[[ MATERIAL PROVIDED, beginning ]]
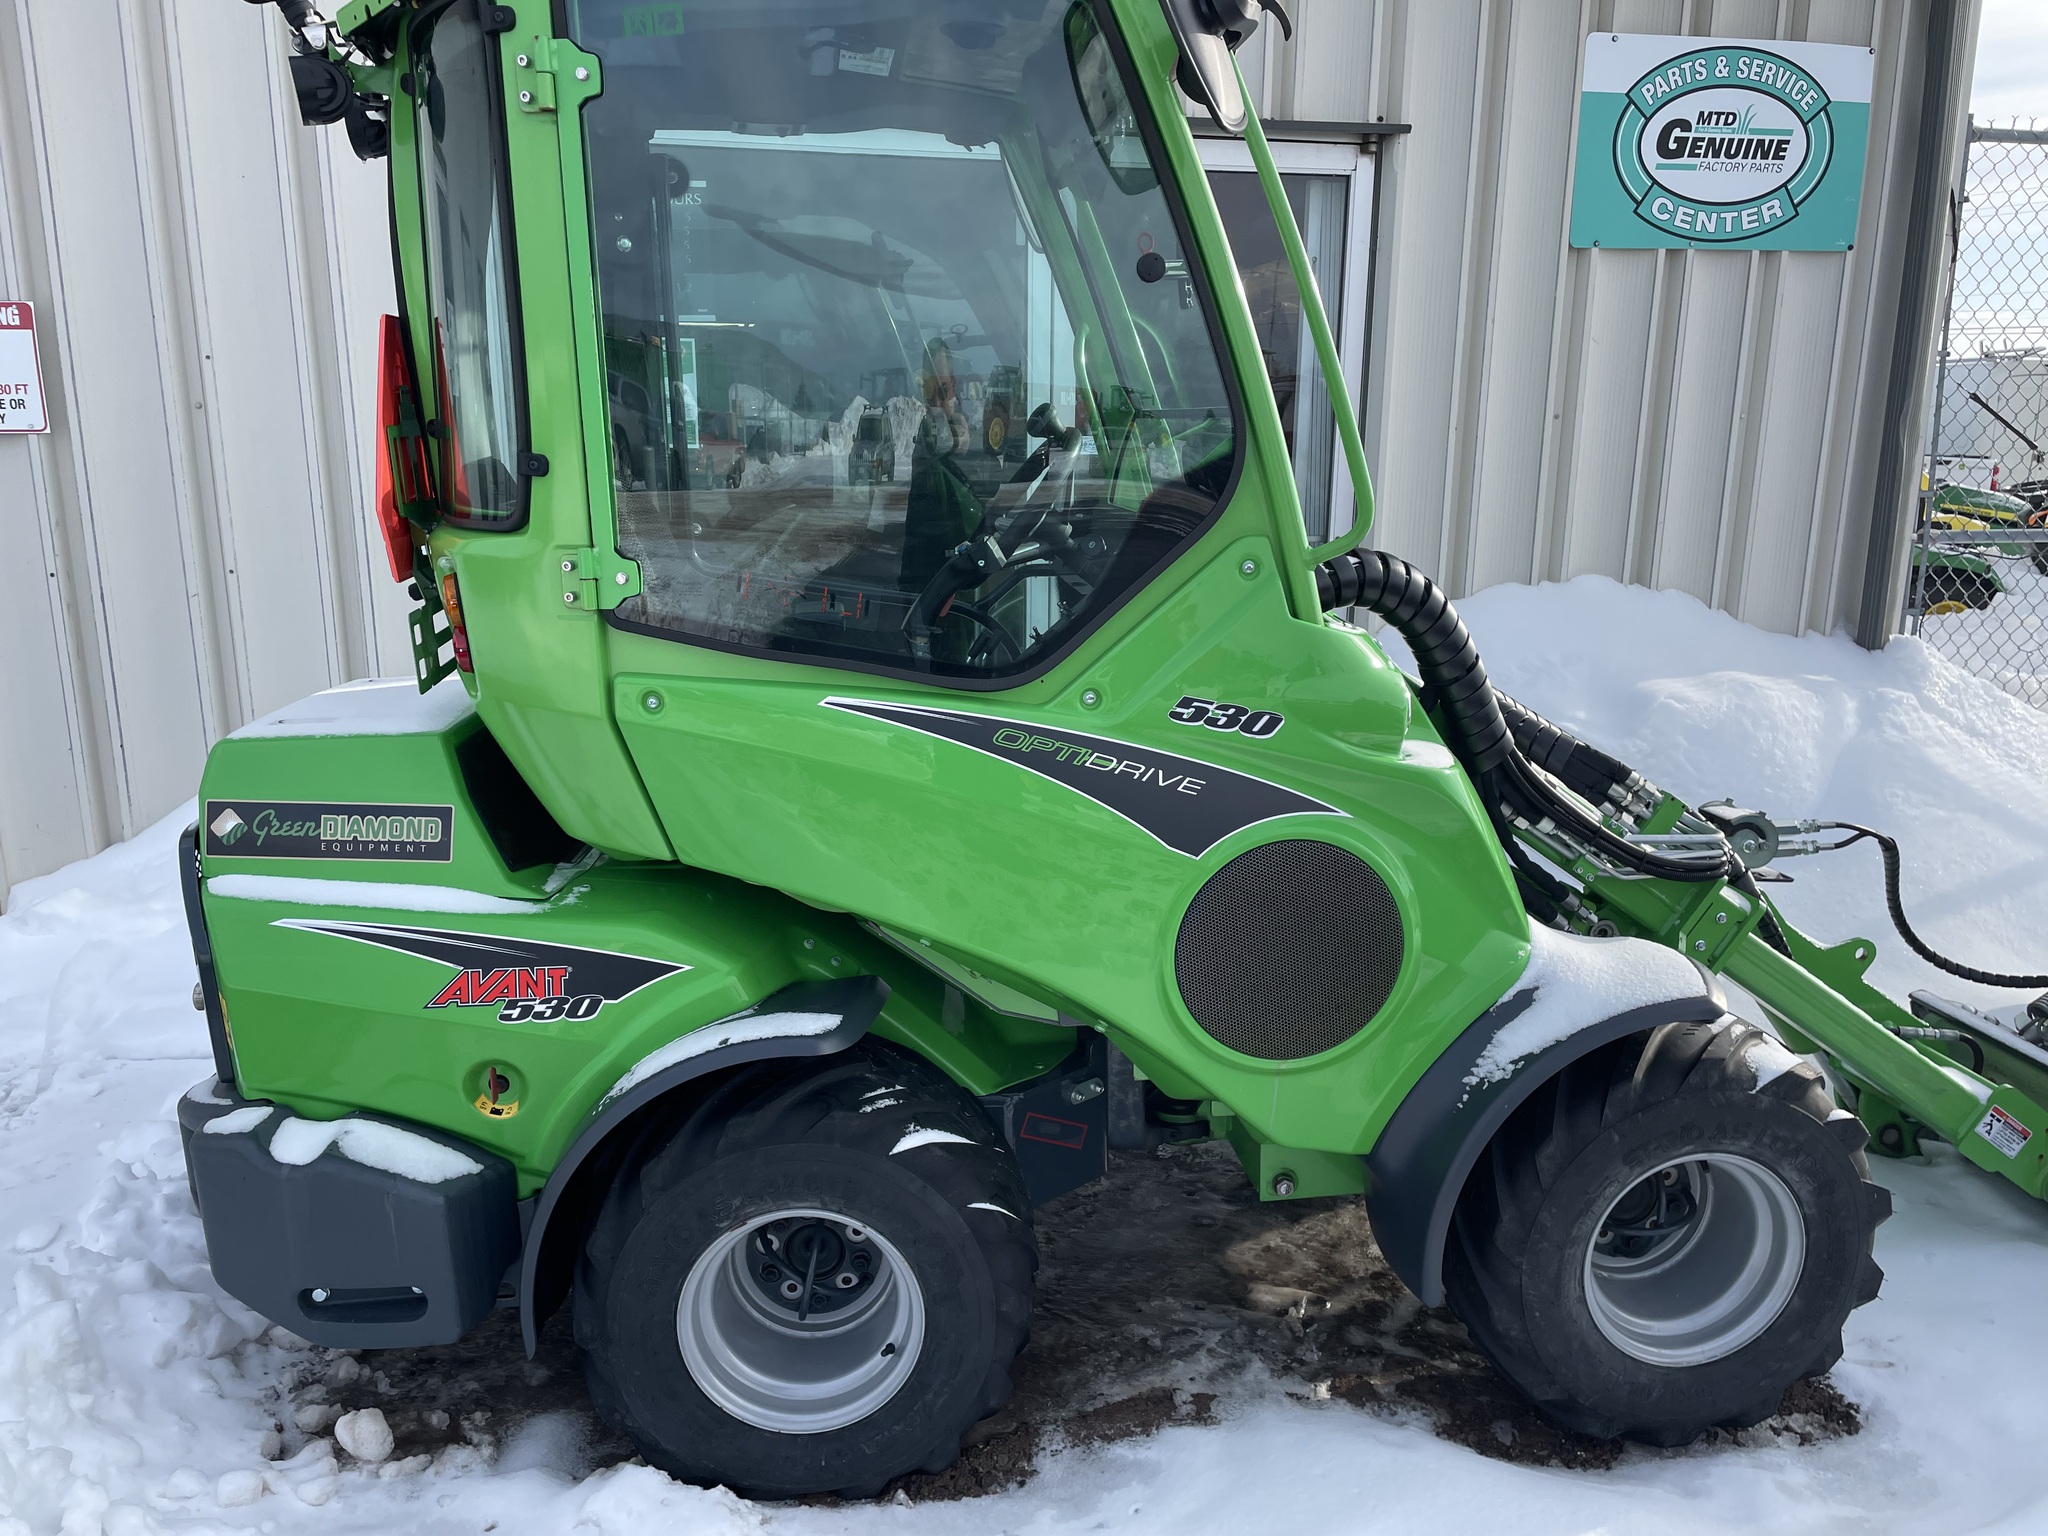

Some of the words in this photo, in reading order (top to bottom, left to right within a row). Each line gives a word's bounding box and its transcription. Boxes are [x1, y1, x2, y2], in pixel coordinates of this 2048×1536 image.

[1640, 58, 1708, 107] PARTS
[1714, 56, 1730, 78] &
[1736, 56, 1819, 112] SERVICE
[1696, 111, 1738, 126] MTD
[1656, 118, 1791, 161] GENUINE
[1698, 161, 1747, 173] FACTORY
[1749, 163, 1784, 174] PARTS
[670, 193, 702, 205] URS
[1651, 197, 1785, 234] CENTER
[9, 398, 26, 410] OR
[14, 384, 29, 395] FT
[1167, 695, 1285, 739] 530
[320, 814, 442, 843] DIAMOND
[321, 842, 427, 853] EQUIPMENT
[424, 966, 570, 1009] AVANT
[497, 994, 605, 1024] 530
[[ MATERIAL PROVIDED, end ]]
YOUR GOAL
Pictures are not part of the copy. Return every record exactly.

TASK OUTPUT
Some of the words in this photo, in reading order (top to bottom, left to right within a row). Each line gives a word's bounding box and its transcription. Boxes are [x1, y1, x2, y2], in pixel coordinates of this 2048×1536 image.

[1640, 58, 1708, 107] PARTS
[1714, 56, 1730, 78] &
[1736, 56, 1819, 112] SERVICE
[1696, 111, 1738, 126] MTD
[1656, 118, 1791, 161] GENUINE
[1698, 161, 1747, 173] FACTORY
[1749, 163, 1784, 174] PARTS
[670, 193, 702, 205] URS
[1651, 197, 1785, 234] CENTER
[9, 398, 26, 410] OR
[14, 384, 29, 395] FT
[1167, 695, 1285, 739] 530
[320, 814, 442, 843] DIAMOND
[321, 842, 427, 853] EQUIPMENT
[424, 966, 570, 1009] AVANT
[497, 994, 605, 1024] 530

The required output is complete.